_Task directions_:
Each record must come back unchanged in your answer, stripped of its images.
━━━━━━━━━━━━━━━━━━━━
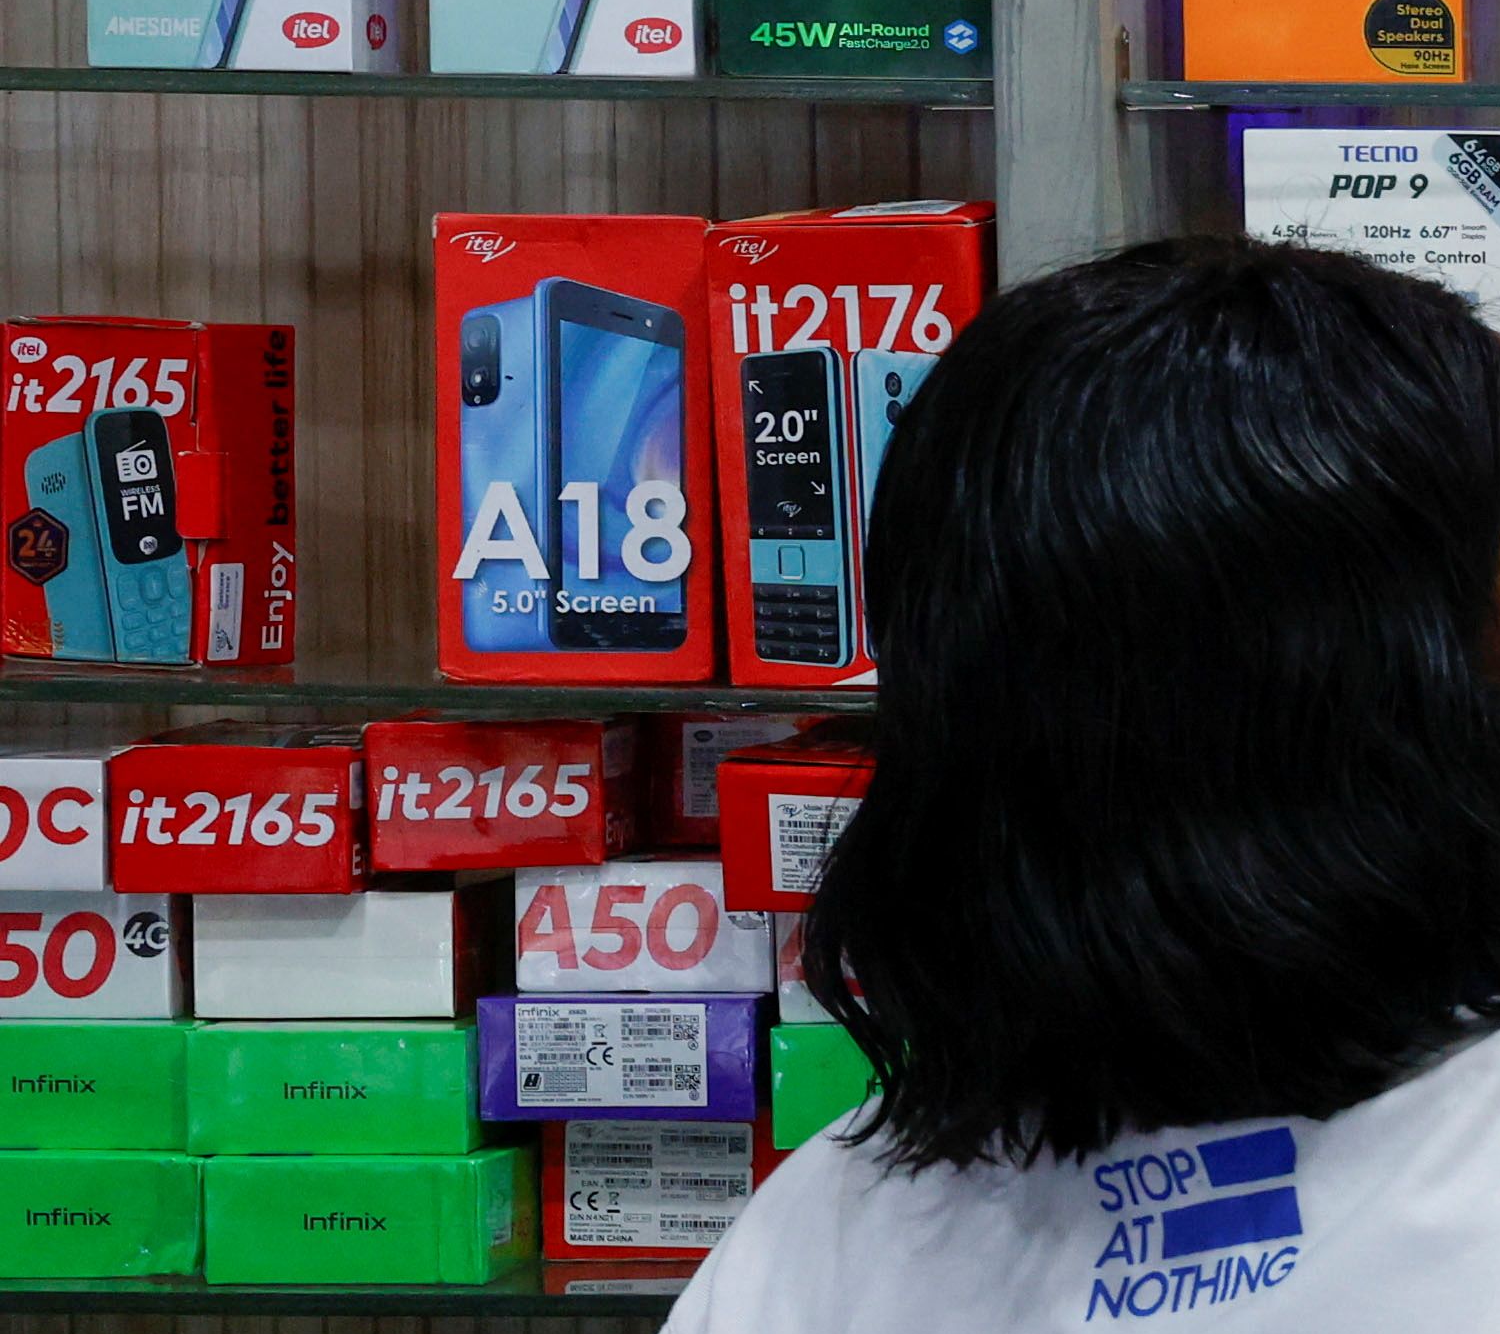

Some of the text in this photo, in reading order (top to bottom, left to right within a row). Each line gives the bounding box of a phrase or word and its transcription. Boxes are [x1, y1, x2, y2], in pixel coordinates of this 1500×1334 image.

[1396, 4, 1444, 17] Stereo
[1410, 17, 1444, 29] Dual
[290, 18, 332, 43] itel
[633, 23, 674, 49] itel
[750, 21, 930, 47] 45W All-Round
[1378, 30, 1444, 44] Speakers
[839, 38, 930, 51] FastCharge2.0
[1414, 50, 1450, 63] 90Hz
[1329, 174, 1428, 199] POP 9
[732, 284, 956, 353] it2176
[18, 343, 40, 356] itel
[7, 355, 188, 417] it2165
[754, 409, 818, 443] 2.0"
[756, 449, 820, 465] Screen
[262, 331, 294, 649] Enjoy better life
[122, 496, 164, 521] FM
[452, 479, 694, 581] A18
[492, 587, 656, 615] 5.0" Screen
[120, 789, 338, 846] it2165
[517, 883, 719, 973] A50
[12, 1075, 96, 1093] Infinix
[1094, 1149, 1196, 1212] STOP
[26, 1207, 111, 1227] Infinix
[570, 1234, 633, 1243] MADE IN CHINA
[1094, 1215, 1154, 1269] AT
[1086, 1247, 1298, 1321] NOTHING
━━━━━━━━━━━━━━━━━━━━
_Reply to the task_:
Some of the text in this photo, in reading order (top to bottom, left to right within a row). Each line gives the bounding box of a phrase or word and its transcription. Boxes are [x1, y1, x2, y2], in pixel coordinates of this 1500×1334 image.

[1396, 4, 1444, 17] Stereo
[1410, 17, 1444, 29] Dual
[290, 18, 332, 43] itel
[633, 23, 674, 49] itel
[750, 21, 930, 47] 45W All-Round
[1378, 30, 1444, 44] Speakers
[839, 38, 930, 51] FastCharge2.0
[1414, 50, 1450, 63] 90Hz
[1329, 174, 1428, 199] POP 9
[732, 284, 956, 353] it2176
[18, 343, 40, 356] itel
[7, 355, 188, 417] it2165
[754, 409, 818, 443] 2.0"
[756, 449, 820, 465] Screen
[262, 331, 294, 649] Enjoy better life
[122, 496, 164, 521] FM
[452, 479, 694, 581] A18
[492, 587, 656, 615] 5.0" Screen
[120, 789, 338, 846] it2165
[517, 883, 719, 973] A50
[12, 1075, 96, 1093] Infinix
[1094, 1149, 1196, 1212] STOP
[26, 1207, 111, 1227] Infinix
[570, 1234, 633, 1243] MADE IN CHINA
[1094, 1215, 1154, 1269] AT
[1086, 1247, 1298, 1321] NOTHING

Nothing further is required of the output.